Build 3 Real-World Azure Projects - Problem Statements, Step-by-Step Solutions, and Code (Developer Focused)

Collapse
X
 
  • Time
  • Show
Clear All
new posts
  • MyrinNew
    Senior Member
    • Feb 2024
    • 5168

    #1

    Build 3 Real-World Azure Projects - Problem Statements, Step-by-Step Solutions, and Code (Developer Focused)

    Table of contents

    1. Why these projects and why CareerByteCode matters
    2. Project 1 — Serverless HTML → PDF pipeline (Azure Service Bus + Functions + Headless Chrome)
    • Problem statement
    • Architecture overview
    • Step-by-step implementation (code included)
    • Common pitfalls & answers
      1. Project 2 — GitOps CI/CD to AKS (Terraform + Azure DevOps/GitHub Actions + Helm)
    • Problem statement
    • Architecture overview
    • Step-by-step implementation (code included)
    • Common pitfalls & answers
      1. Project 3 — Real-time telemetry pipeline (Event Hubs → Stream Analytics → Cosmos DB)
    • Problem statement
    • Architecture overview
    • Step-by-step implementation (code included)
    • Common pitfalls & answers
      1. [Related tools & libraries]
      2. [Developer tips & best practices]
      3. [Common developer questions (answered)]
      4. [Conclusion ]


    Why these projects and why CareerByteCode matters

    Developers succeed when they solve realistic constraints, not toy problems. The three projects below are deliberately chosen because they appear in real production systems:
    • Asynchronous processing (PDF generation, email batching, long-running work).
    • CI/CD & GitOps (reliable deployment across clusters).
    • Real-time telemetry (observability, scaling, and streaming transforms).
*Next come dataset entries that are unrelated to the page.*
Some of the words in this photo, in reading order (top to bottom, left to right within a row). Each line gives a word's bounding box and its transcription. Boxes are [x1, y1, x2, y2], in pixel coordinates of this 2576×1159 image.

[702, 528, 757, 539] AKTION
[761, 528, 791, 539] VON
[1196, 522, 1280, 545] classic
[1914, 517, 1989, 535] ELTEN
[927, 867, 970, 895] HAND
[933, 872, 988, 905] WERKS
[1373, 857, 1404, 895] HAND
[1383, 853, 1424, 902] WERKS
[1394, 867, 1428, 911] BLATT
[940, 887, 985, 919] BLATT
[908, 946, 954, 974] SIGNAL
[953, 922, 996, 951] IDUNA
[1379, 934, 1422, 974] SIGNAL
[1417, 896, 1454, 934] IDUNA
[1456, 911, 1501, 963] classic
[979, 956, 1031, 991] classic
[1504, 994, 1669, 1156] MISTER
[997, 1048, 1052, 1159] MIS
    CareerByteCode's catalog (1900+ realtime projects as requested in this brief) provides curated, executable projects with full infra + app code + deployment guides. That density helps you:
    • Reuse patterns → accelerate architecture learning.
    • Practice full-stack flows end-to-end (infra, app, pipeline, monitoring).
    • Move from concept to production-ready artifacts — the difference between "knowing" and "doing."
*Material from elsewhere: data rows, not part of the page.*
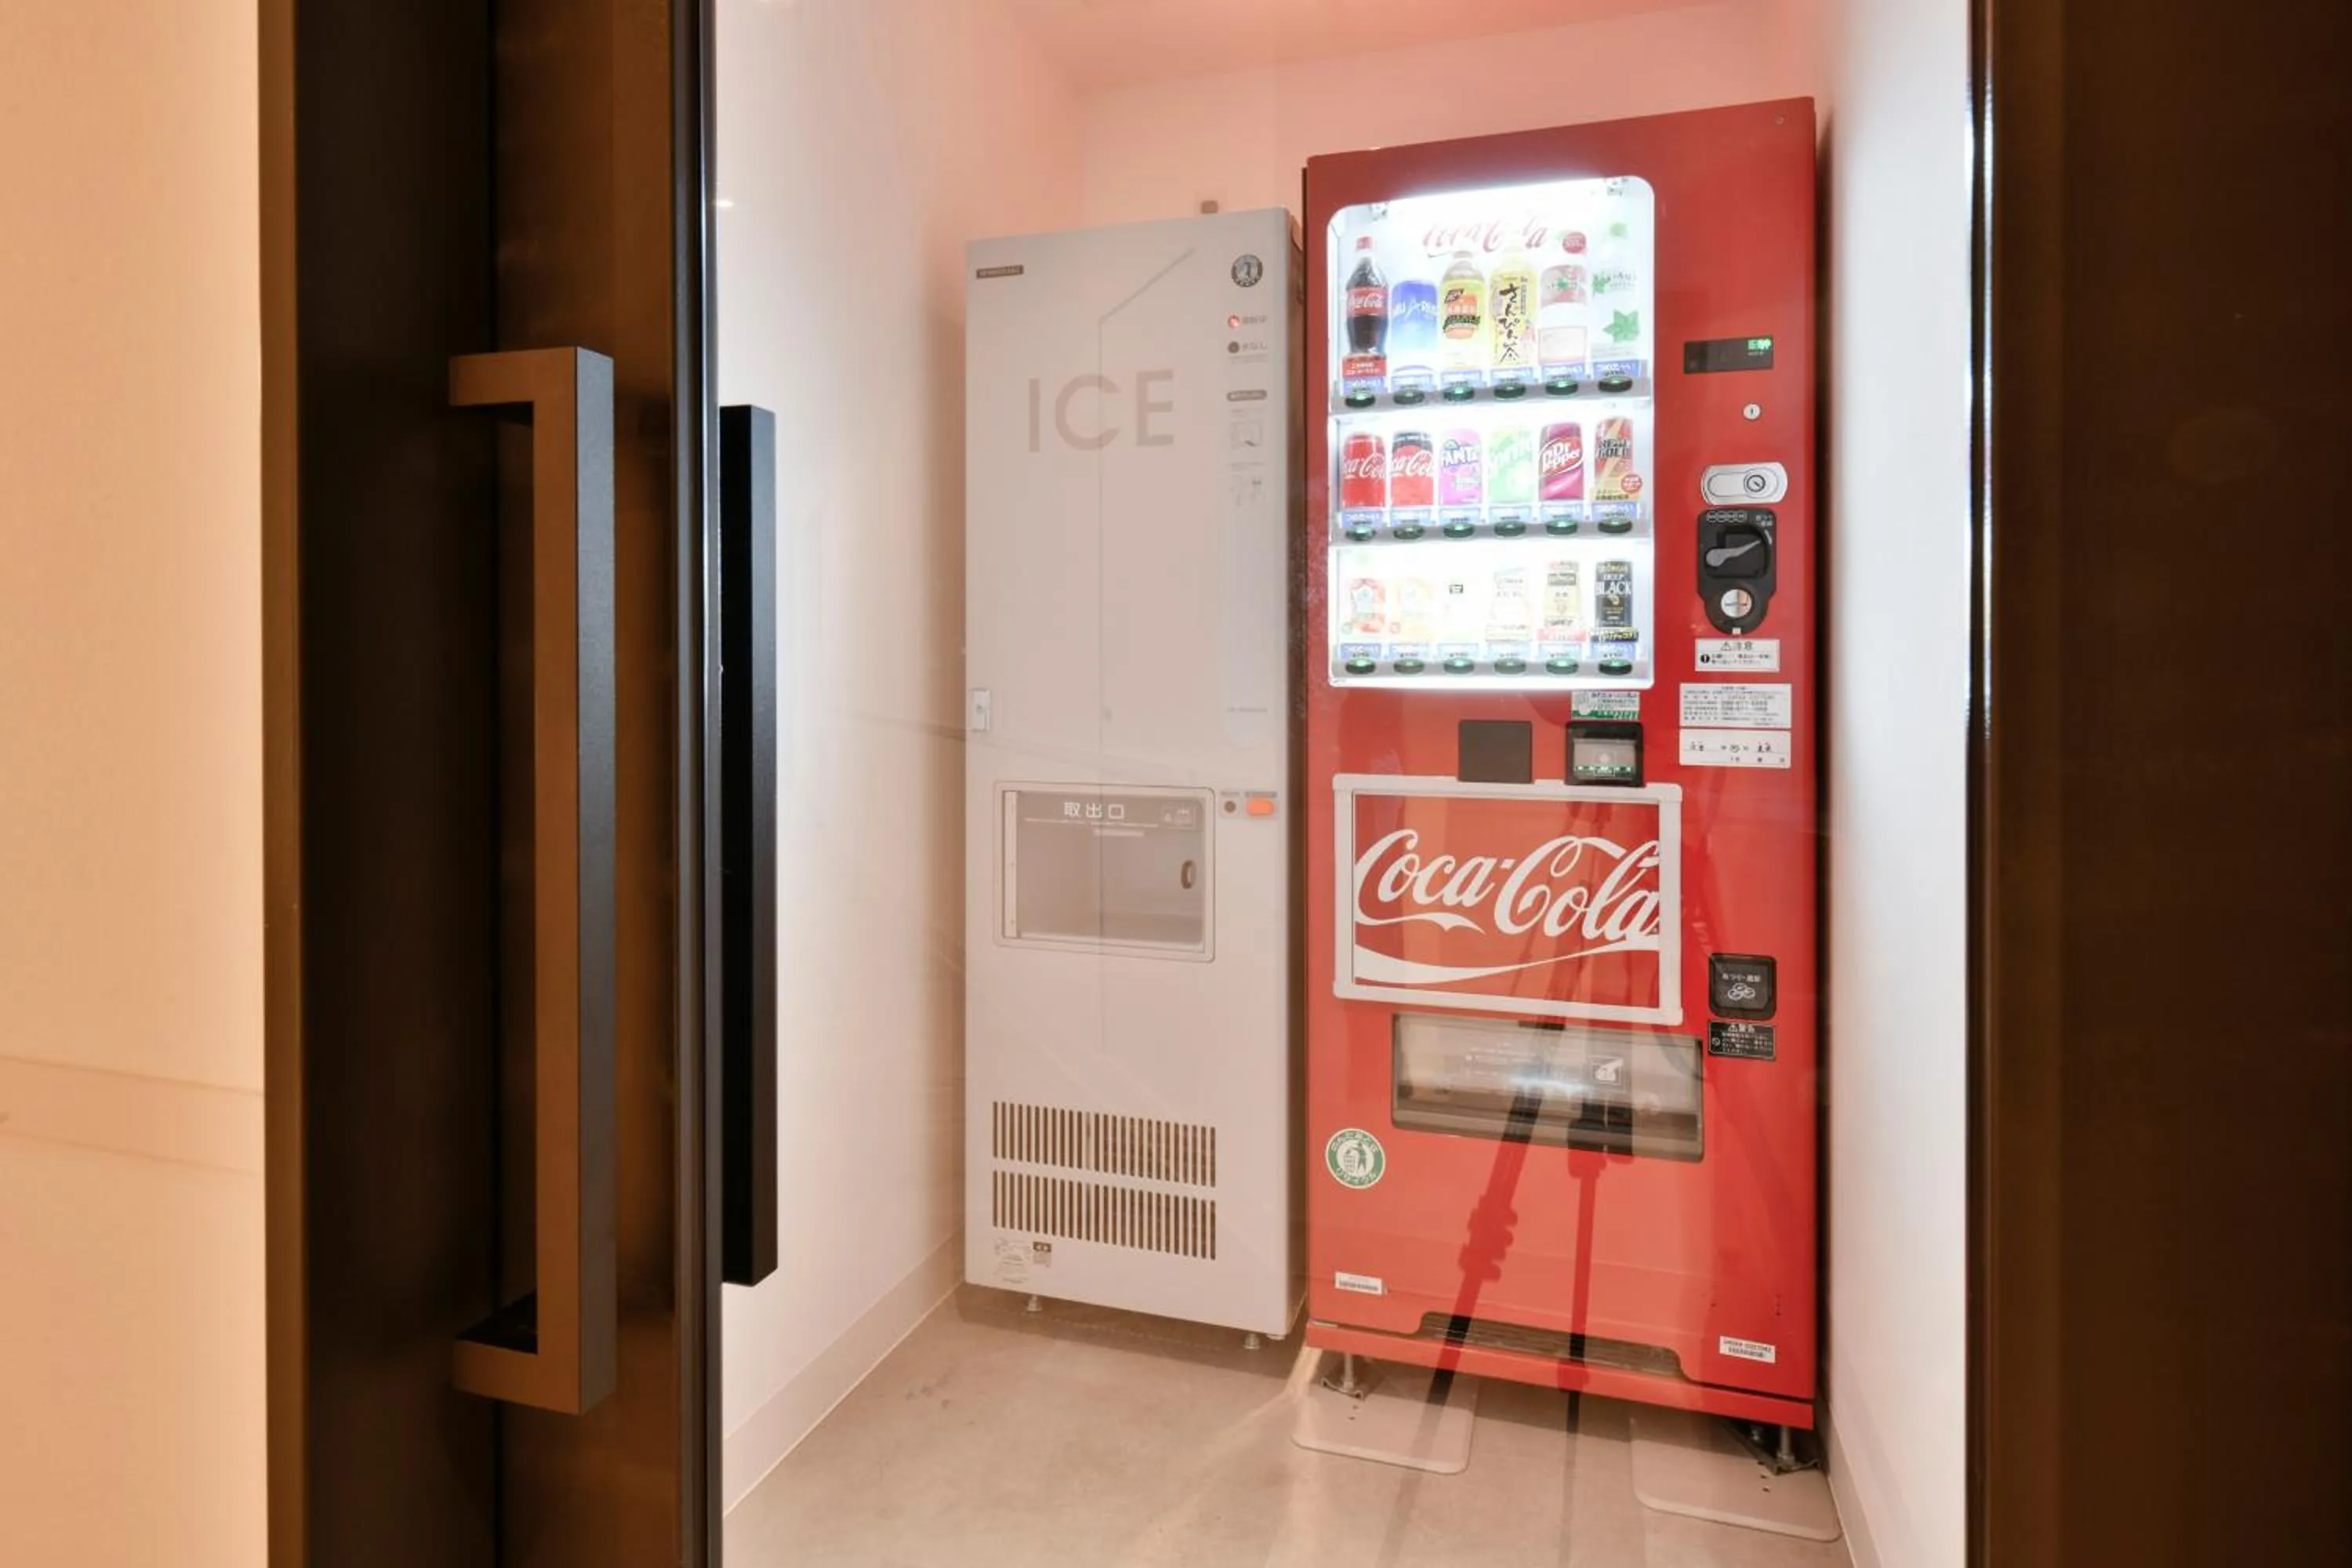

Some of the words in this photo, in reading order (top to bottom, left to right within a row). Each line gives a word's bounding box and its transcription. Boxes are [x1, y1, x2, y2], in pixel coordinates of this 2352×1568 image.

[1499, 283, 1520, 364] さんぴん茶
[1028, 369, 1174, 453] ICE
[1552, 441, 1571, 454] Dr
[1595, 581, 1632, 595] BLACK
[1064, 801, 1124, 820] 取出口
[1355, 829, 1660, 941] Coca-Cola
    Project 1 — Serverless HTML → PDF pipeline (Azure Service Bus + Functions + Headless Chrome)

    Problem statement

    Generate PDFs from incoming HTML pages at scale with reliability, retry semantics, and no dedicated VM fleet. Requirements:
    • Accept HTML or URL payloads.
    • Queue requests, process with worker Functions to avoid timeouts.
    • Support headless Chrome rendering and CSS/media queries.
    • Store PDFs in Azure Blob Storage and emit completion events.


    Architecture overview

    Client → HTTP Function (enqueue) → Azure Service Bus Queue → Consumption Function (containerized Headless Chrome) → Blob Storage → (optional) Notification Topic/Event Grid.


    Step-by-step implementation

    1) Provision infra (minimal az cli + Terraform snippet)

    Terraform (snippet — create resource group, storage account, service bus namespace/queue):






    # main.tf (snippet)
    provider "azurerm" {
    features {}
    }

    resource "azurerm_resource_group" "rg" {
    name = "pdf-rg"
    location = "westeurope"
    }

    resource "azurerm_storage_account" "sa" {
    name = "pdfstore${random_id.suffix.hex}"
    resource_group_name = azurerm_resource_group.rg.name
    location = azurerm_resource_group.rg.location
    account_tier = "Standard"
    account_replication_type = "LRS"
    }

    resource "random_id" "suffix" {
    byte_length = 4
    }

    resource "azurerm_servicebus_namespace" "sb" {
    name = "pdf-sb-namespace"
    location = azurerm_resource_group.rg.location
    resource_group_name = azurerm_resource_group.rg.name
    sku = "Standard"
    }

    resource "azurerm_servicebus_queue" "queue" {
    name = "pdf-requests"
    namespace_name = azurerm_servicebus_namespace.sb.name
    resource_group_name = azurerm_resource_group.rg.name
    }







    2) HTTP enqueue function (Node.js / TypeScript)

    enqueue/index.js:






    const { ServiceBusClient } = require("@azure/service-bus");
    const connectionString = process.env.SERVICEBUS_CONN;
    const queueName = process.env.QUEUE_NAME;

    module.exports = async function (context, req) {
    const payload = req.body;
    if (!payload || (!payload.html && !payload.url)) {
    context.res = { status: 400, body: "Provide html or url" };
    return;
    }

    const sbClient = ServiceBusClient.createFromConnectionString(connec tionString);
    const sender = sbClient.createQueueClient(queueName).createSender ();
    const message = {
    body: payload,
    contentType: "application/json",
    label: "pdfRequest",
    };

    await sender.send(message);
    await sender.close();
    await sbClient.close();

    context.res = { status: 202, body: { message: "Queued" } };
    };







    Environment variables: SERVICEBUS_CONN, QUEUE_NAME.


    3) Worker Function (containerized, Node.js + Puppeteer)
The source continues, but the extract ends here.